*** Task data Section Begins ***

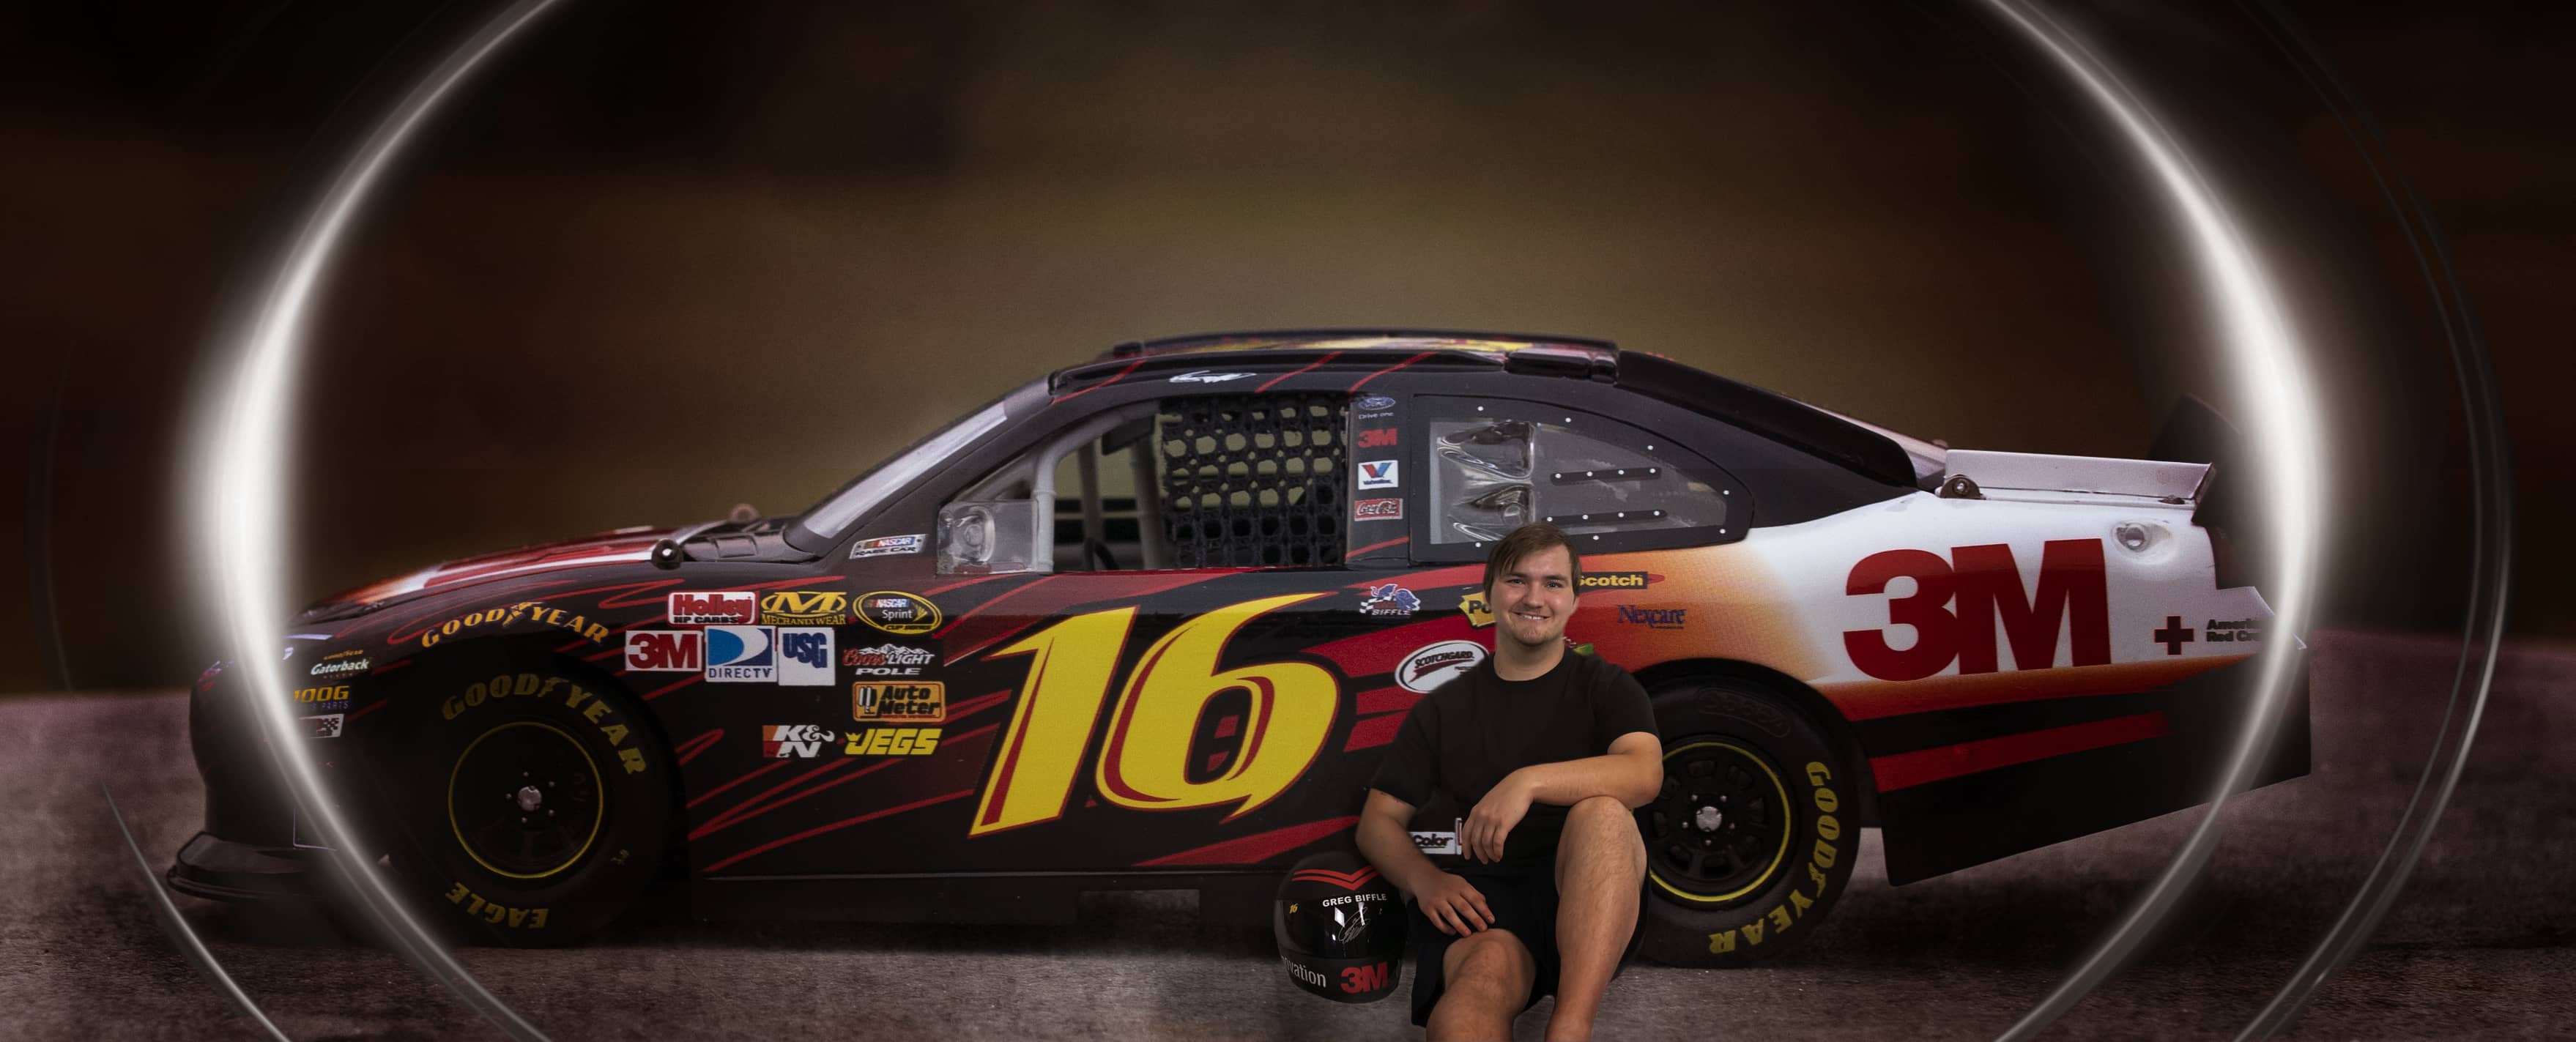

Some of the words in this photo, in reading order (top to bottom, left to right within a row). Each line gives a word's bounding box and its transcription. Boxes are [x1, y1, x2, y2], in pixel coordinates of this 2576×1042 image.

[1358, 428, 1398, 448] 3M
[878, 536, 913, 547] NASCAR
[855, 548, 888, 557] RACE
[673, 594, 753, 623] Holley
[875, 598, 909, 608] NASCAR
[1843, 538, 2112, 681] 3M
[762, 614, 814, 625] MECHANIX
[814, 614, 846, 625] WEAR
[881, 609, 913, 621] Sprint
[1617, 605, 1687, 629] Nexcare
[421, 602, 609, 647] GOODYEAR
[2206, 619, 2259, 630] Ameri
[2206, 630, 2234, 641] Red
[628, 633, 698, 669] 3M
[782, 632, 828, 669] USG
[843, 649, 886, 666] Coors
[887, 653, 935, 665] LIGHT
[311, 658, 370, 675] Gatorback
[1414, 651, 1476, 669] SCOTCHGARD
[708, 668, 773, 678] DIRECTV
[294, 685, 351, 703] OOG
[880, 685, 932, 700] Auto
[877, 700, 941, 715] Meter
[968, 592, 1339, 838] 16
[442, 674, 647, 775] GOODYEAR
[845, 728, 943, 755] JEGS
[1414, 833, 1454, 846] Color
[1708, 761, 1841, 954] GOODYEAR
[445, 881, 550, 930] EAGLE
[1322, 896, 1352, 907] GREG
[1354, 893, 1388, 903] BIFFLE
[1289, 904, 1299, 914] 16
[1340, 961, 1389, 994] 3M
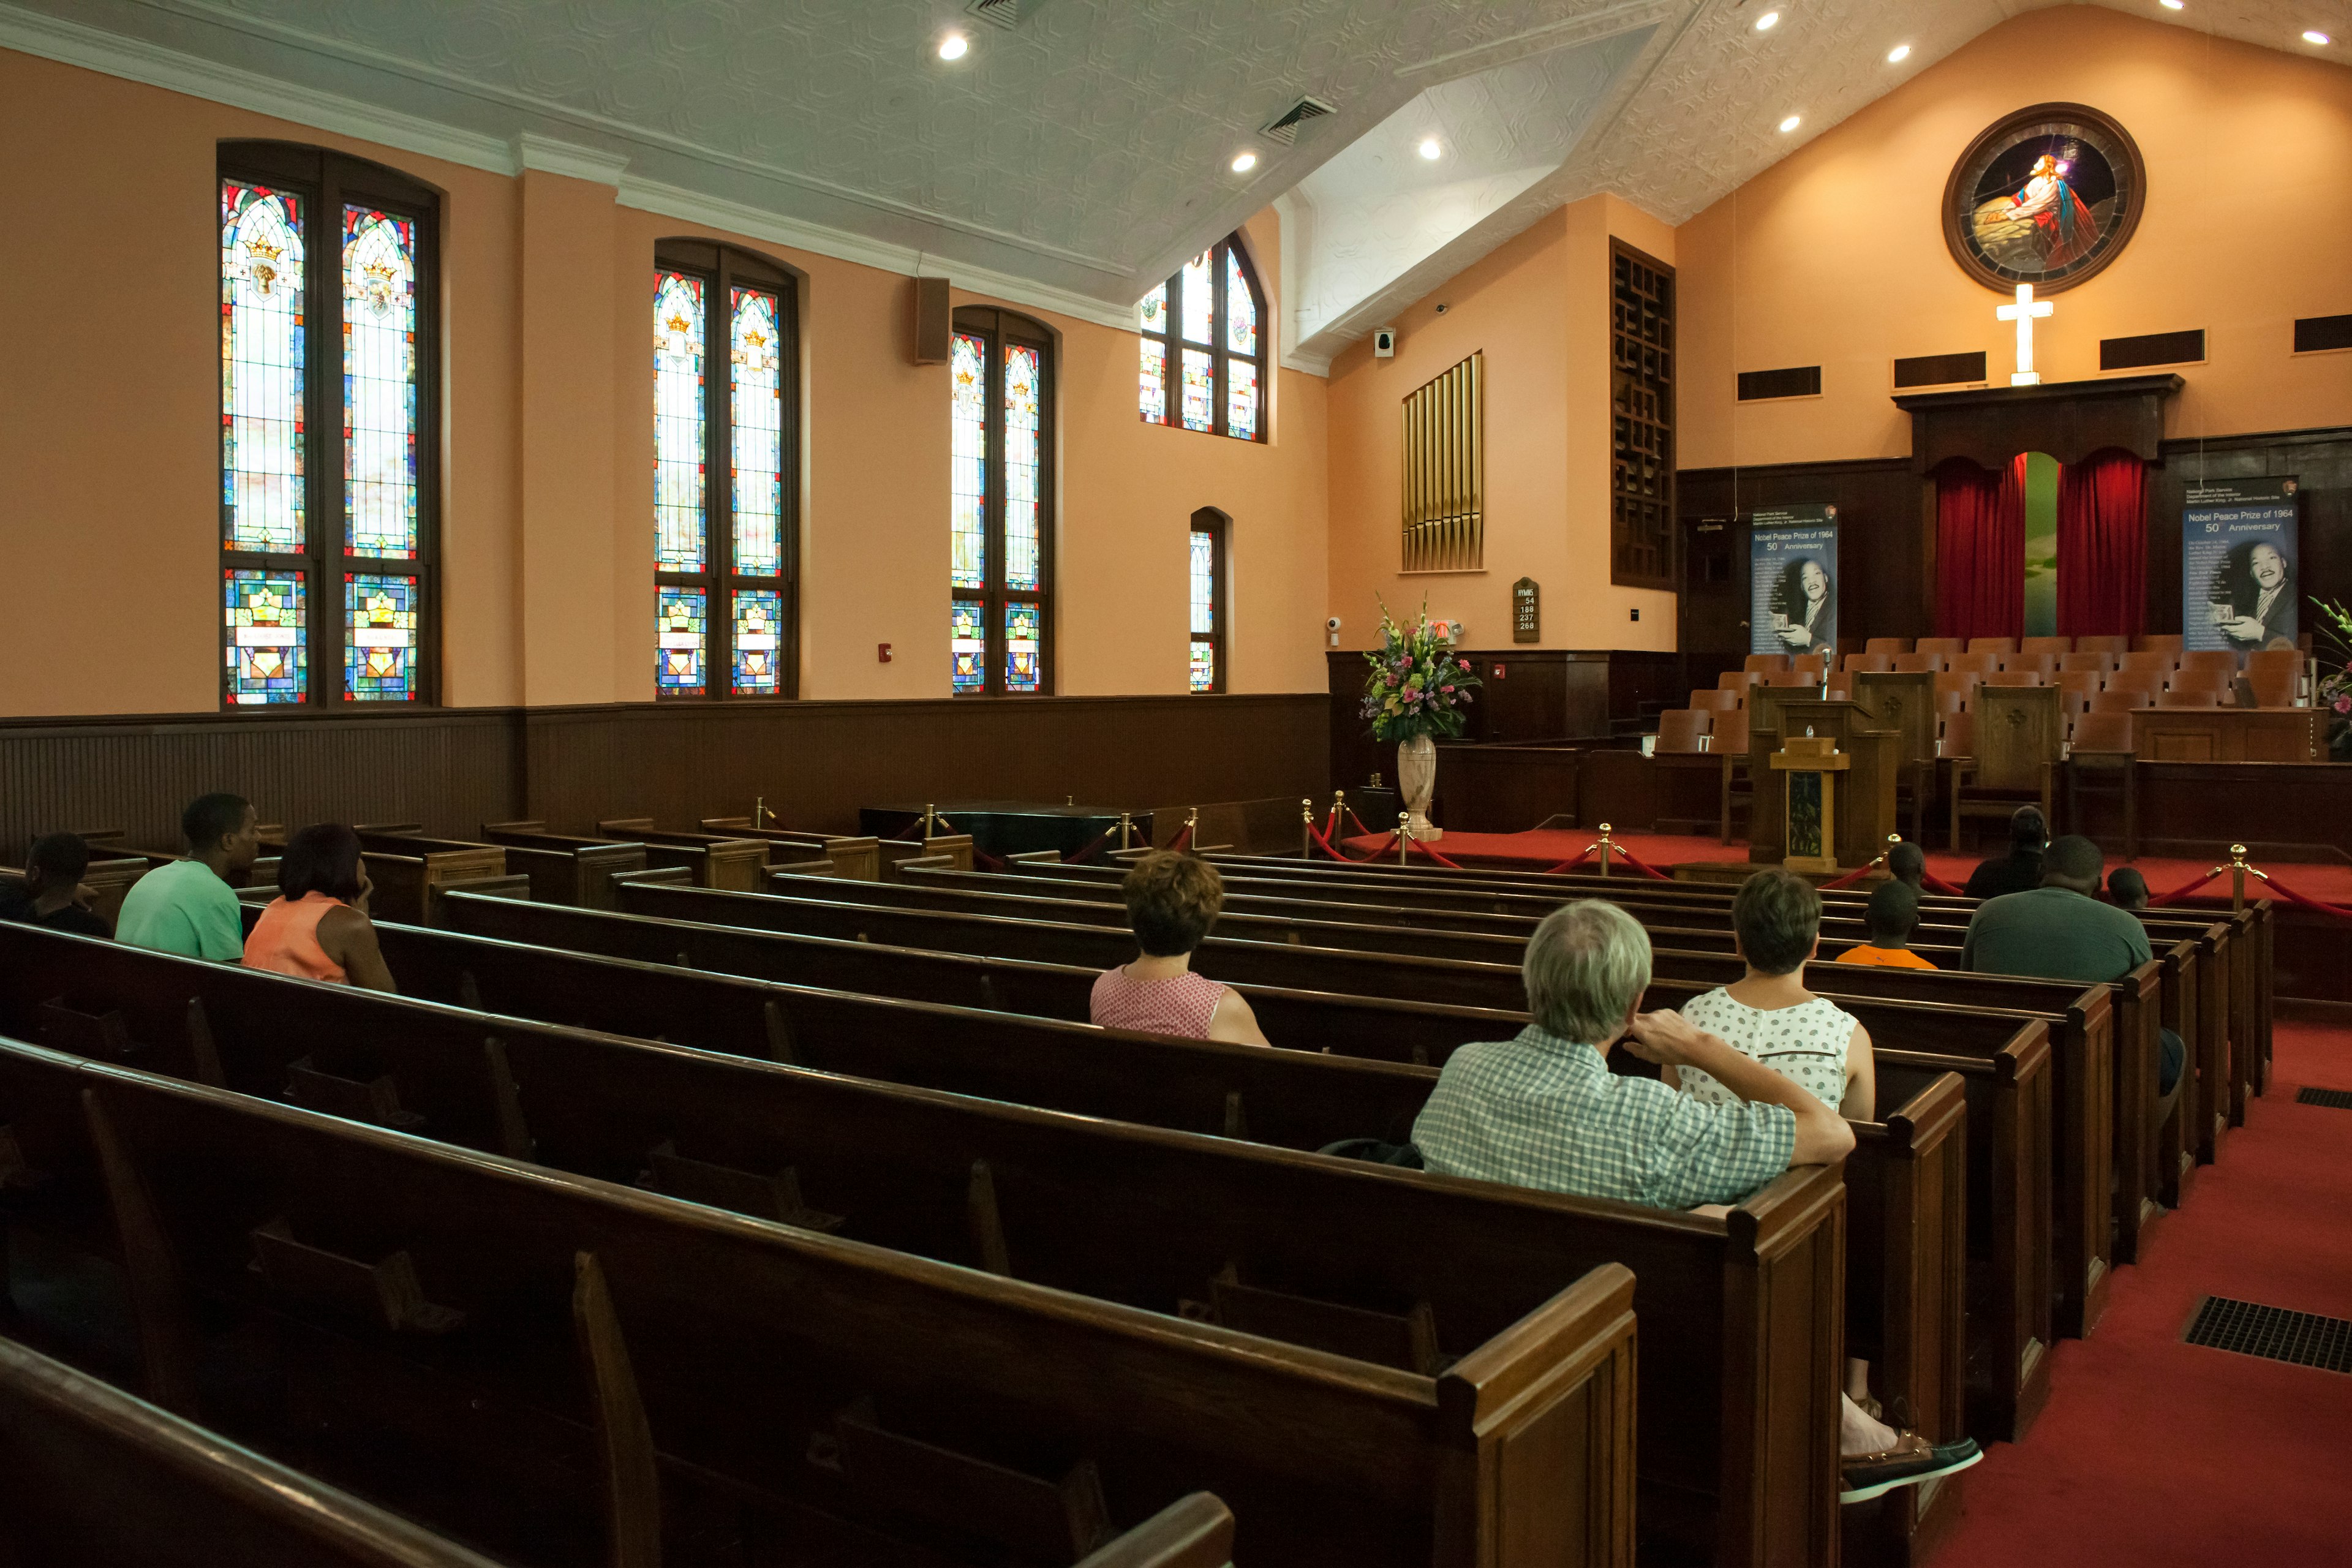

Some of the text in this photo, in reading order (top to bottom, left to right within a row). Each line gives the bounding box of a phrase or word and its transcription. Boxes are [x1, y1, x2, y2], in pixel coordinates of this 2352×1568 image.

[2188, 510, 2293, 522] Nobel Peace Prize of 1964
[2205, 523, 2219, 532] 50
[2228, 523, 2281, 532] Anniversary
[1773, 532, 1792, 541] Peace

*** Task data Section Ends ***

Please return the material above unchanged, with every picture removed.

Some of the words in this photo, in reading order (top to bottom, left to right within a row). Each line gives a word's bounding box and its transcription. Boxes are [x1, y1, x2, y2], in pixel coordinates of this 2576×1042 image.

[1358, 428, 1398, 448] 3M
[878, 536, 913, 547] NASCAR
[855, 548, 888, 557] RACE
[673, 594, 753, 623] Holley
[875, 598, 909, 608] NASCAR
[1843, 538, 2112, 681] 3M
[762, 614, 814, 625] MECHANIX
[814, 614, 846, 625] WEAR
[881, 609, 913, 621] Sprint
[1617, 605, 1687, 629] Nexcare
[421, 602, 609, 647] GOODYEAR
[2206, 619, 2259, 630] Ameri
[2206, 630, 2234, 641] Red
[628, 633, 698, 669] 3M
[782, 632, 828, 669] USG
[843, 649, 886, 666] Coors
[887, 653, 935, 665] LIGHT
[311, 658, 370, 675] Gatorback
[1414, 651, 1476, 669] SCOTCHGARD
[708, 668, 773, 678] DIRECTV
[294, 685, 351, 703] OOG
[880, 685, 932, 700] Auto
[877, 700, 941, 715] Meter
[968, 592, 1339, 838] 16
[442, 674, 647, 775] GOODYEAR
[845, 728, 943, 755] JEGS
[1414, 833, 1454, 846] Color
[1708, 761, 1841, 954] GOODYEAR
[445, 881, 550, 930] EAGLE
[1322, 896, 1352, 907] GREG
[1354, 893, 1388, 903] BIFFLE
[1289, 904, 1299, 914] 16
[1340, 961, 1389, 994] 3M

Some of the text in this photo, in reading order (top to bottom, left to right within a row). Each line gives the bounding box of a phrase or word and its transcription. Boxes are [x1, y1, x2, y2], in pixel coordinates of this 2352×1568 image.

[2188, 510, 2293, 522] Nobel Peace Prize of 1964
[2205, 523, 2219, 532] 50
[2228, 523, 2281, 532] Anniversary
[1773, 532, 1792, 541] Peace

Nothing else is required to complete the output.